Restoration of normal L-type Ca²⁺ channel function during timothy syndrome by ablation of an anchoring protein

Rationale: L-type Ca²⁺ (Ca_V1.2) channels shape the cardiac action potential waveform and are essential for excitation-contraction coupling in heart. A gain-of-function G406R mutation in a cytoplasmic loop of Ca_V1.2 channels causes long QT syndrome 8 (LQT8), a disease also known as Timothy syndrome. However, the mechanisms by which this mutation enhances Ca_V1.2-LQT8 currents and generates lethal arrhythmias are unclear. Objective: To test the hypothesis that the anchoring protein AKAP150 modulates Ca_V1.2-LQT8 channel gating in ventricular myocytes. Methods and Results: Using a combination of molecular, imaging, and electrophysiological approaches, we discovered that Ca_V1.2-LQT8 channels are abnormally coupled to AKAP150. A pathophysiological consequence of forming this aberrant ion channel-anchoring protein complex is enhanced Ca _V1.2-LQT8 currents.
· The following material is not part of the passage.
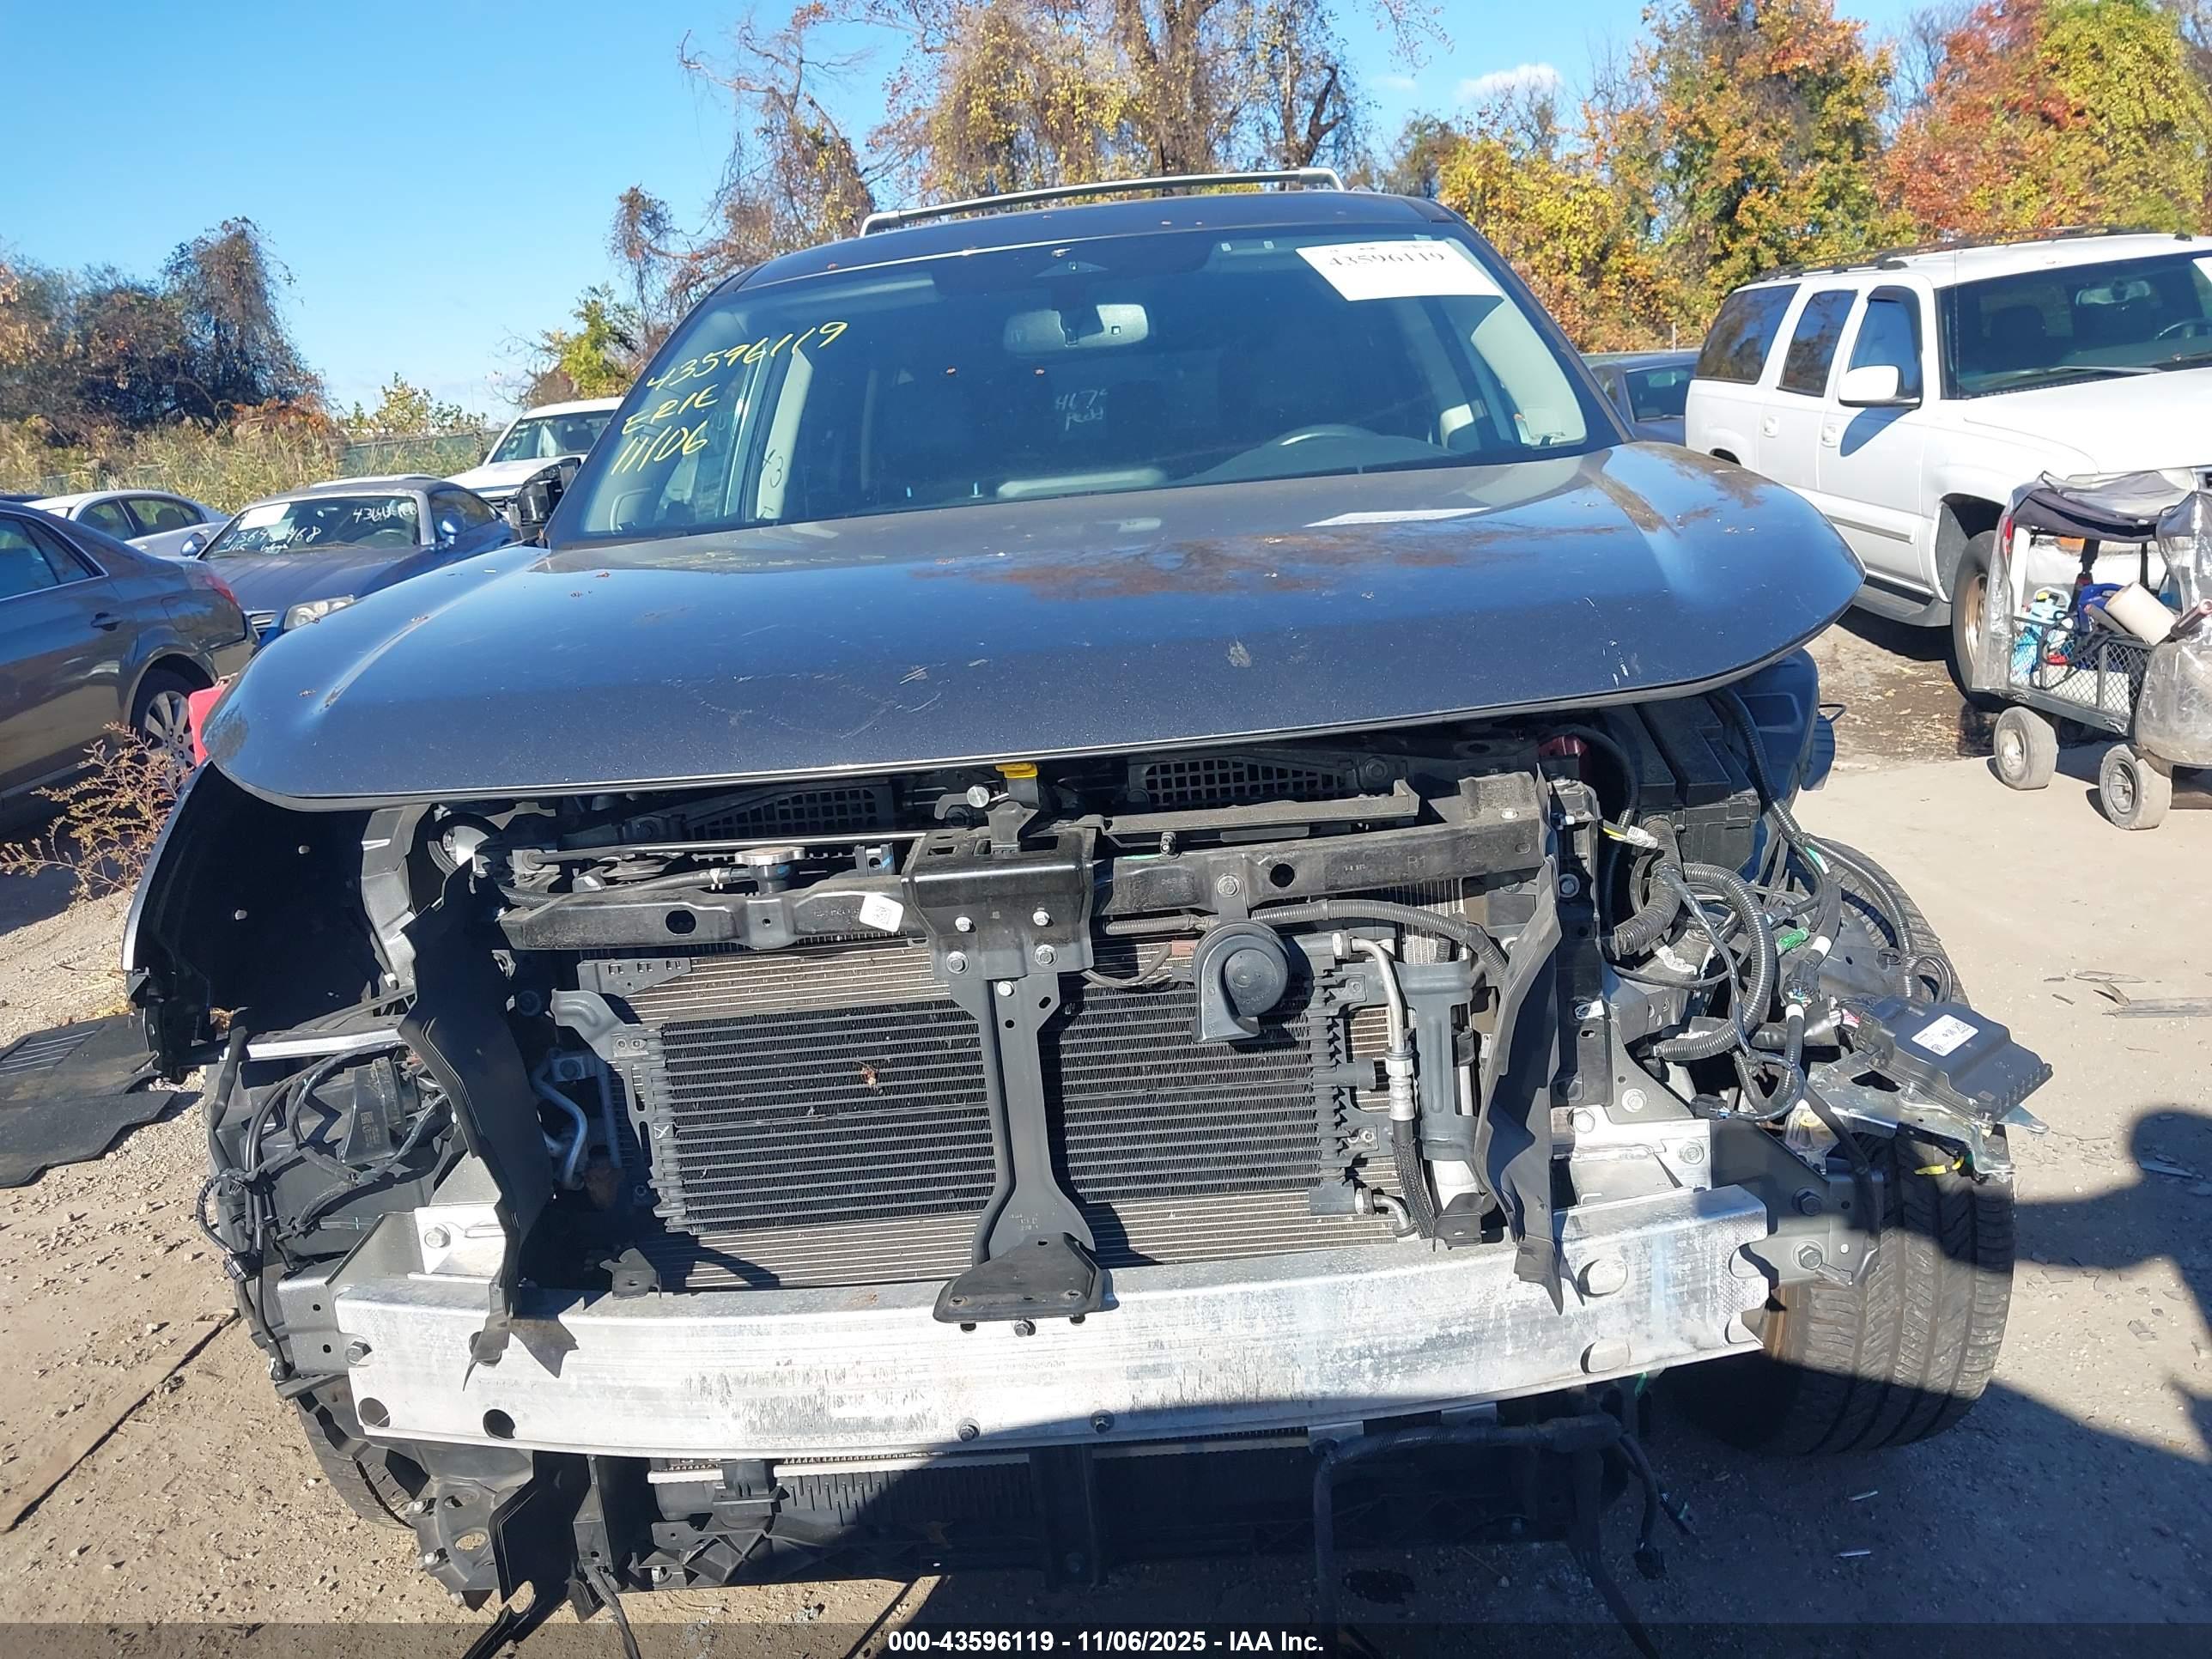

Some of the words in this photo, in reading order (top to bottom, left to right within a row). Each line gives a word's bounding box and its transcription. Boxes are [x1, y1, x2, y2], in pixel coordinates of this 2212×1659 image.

This occurs through a mechanism whereby the anchoring protein functions like a subunit of Ca_V1.2-LQT8 channels that stabilizes the open conformation and augments the probability of coordinated openings of these channels. Ablation of AKAP150 restores normal gating in Ca_V1.2-LQT8 channels and protects the heart from arrhythmias. Conclusion: We propose that AKAP150-dependent changes in Ca _V1.2-LQT8 channel gating may constitute a novel general mechanism for Ca_V1.2-driven arrhythmias.